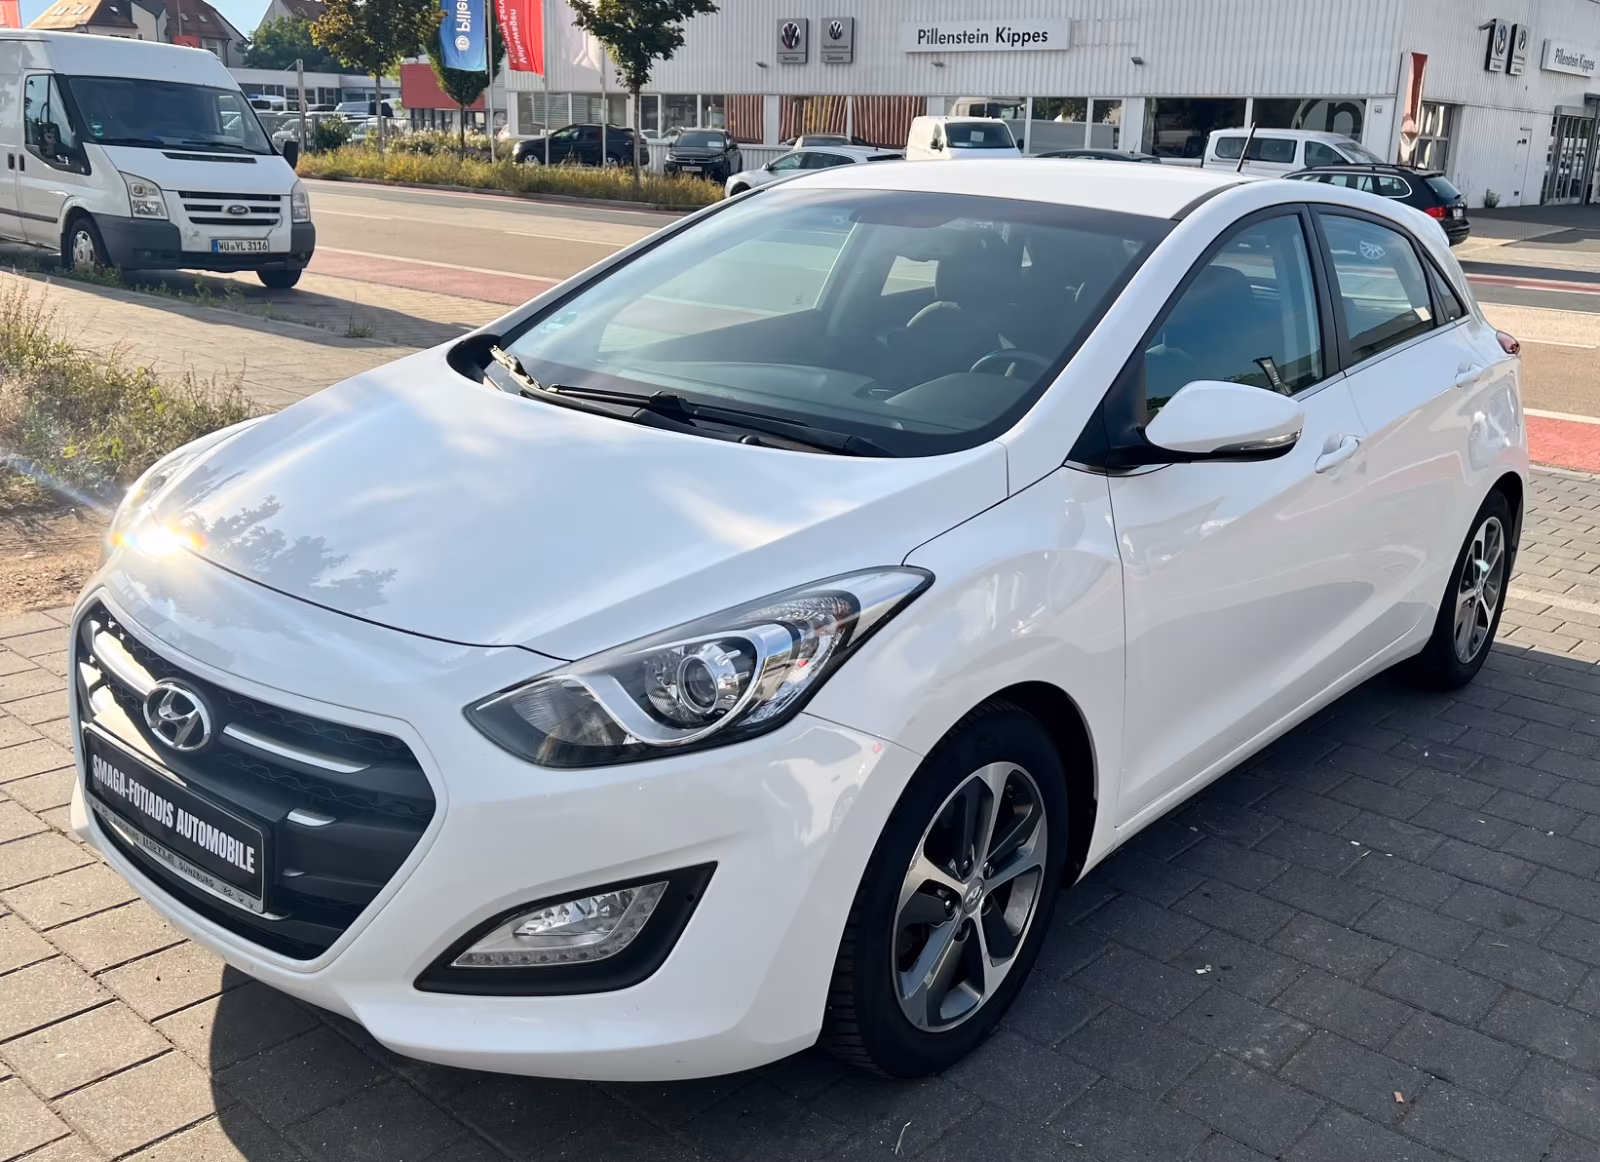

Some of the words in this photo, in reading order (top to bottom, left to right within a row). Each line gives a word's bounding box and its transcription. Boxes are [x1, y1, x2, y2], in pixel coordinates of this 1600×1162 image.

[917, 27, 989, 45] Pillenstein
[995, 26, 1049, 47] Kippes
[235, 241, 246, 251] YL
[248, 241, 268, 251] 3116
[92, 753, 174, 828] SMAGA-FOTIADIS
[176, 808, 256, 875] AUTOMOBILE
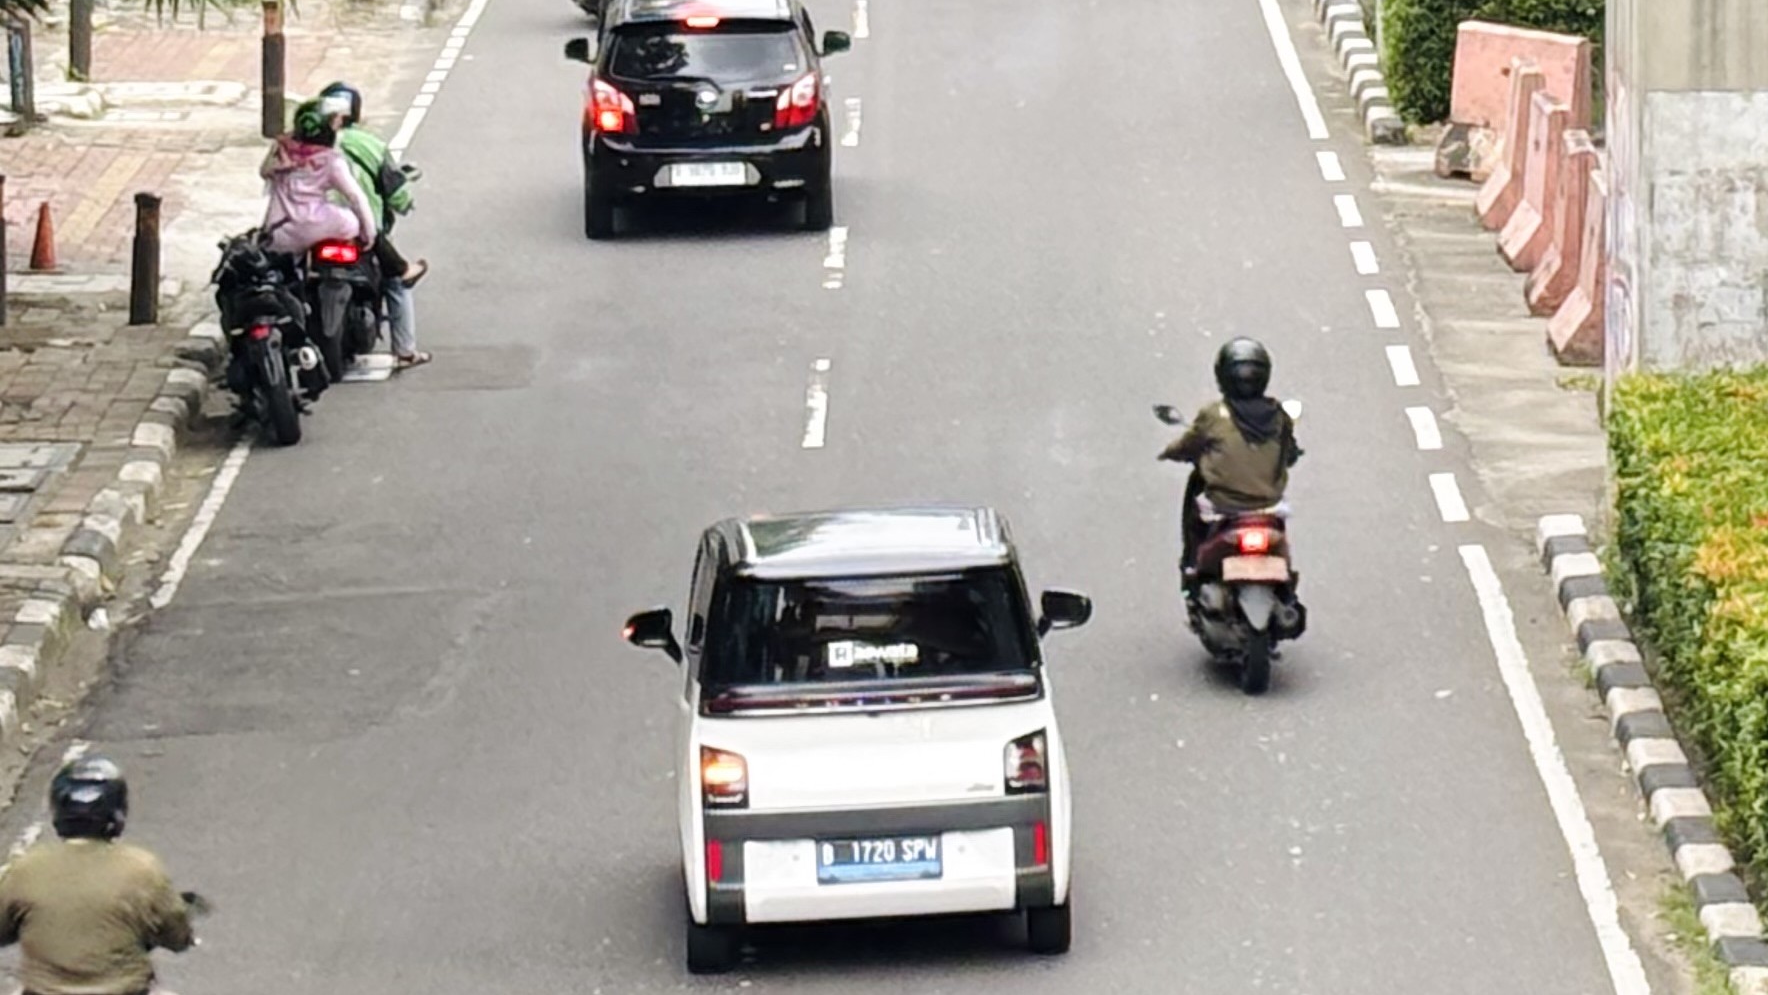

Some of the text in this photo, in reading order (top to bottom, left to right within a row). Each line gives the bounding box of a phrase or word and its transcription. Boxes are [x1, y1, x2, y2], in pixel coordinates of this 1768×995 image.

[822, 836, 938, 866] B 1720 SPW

--------------------------------

Task requirements => All entries need repeating exactly, but without the pictures.

Solution for this exercise =>
Some of the words in this photo, in reading order (top to bottom, left to right within a row). Each line gives a word's bounding box and its transcription. Boxes are [x1, y1, x2, y2], in pixel coordinates of this 1600×1162 image.

[917, 27, 989, 45] Pillenstein
[995, 26, 1049, 47] Kippes
[235, 241, 246, 251] YL
[248, 241, 268, 251] 3116
[92, 753, 174, 828] SMAGA-FOTIADIS
[176, 808, 256, 875] AUTOMOBILE

Some of the text in this photo, in reading order (top to bottom, left to right within a row). Each line gives the bounding box of a phrase or word and its transcription. Boxes are [x1, y1, x2, y2], in pixel coordinates of this 1768×995 image.

[822, 836, 938, 866] B 1720 SPW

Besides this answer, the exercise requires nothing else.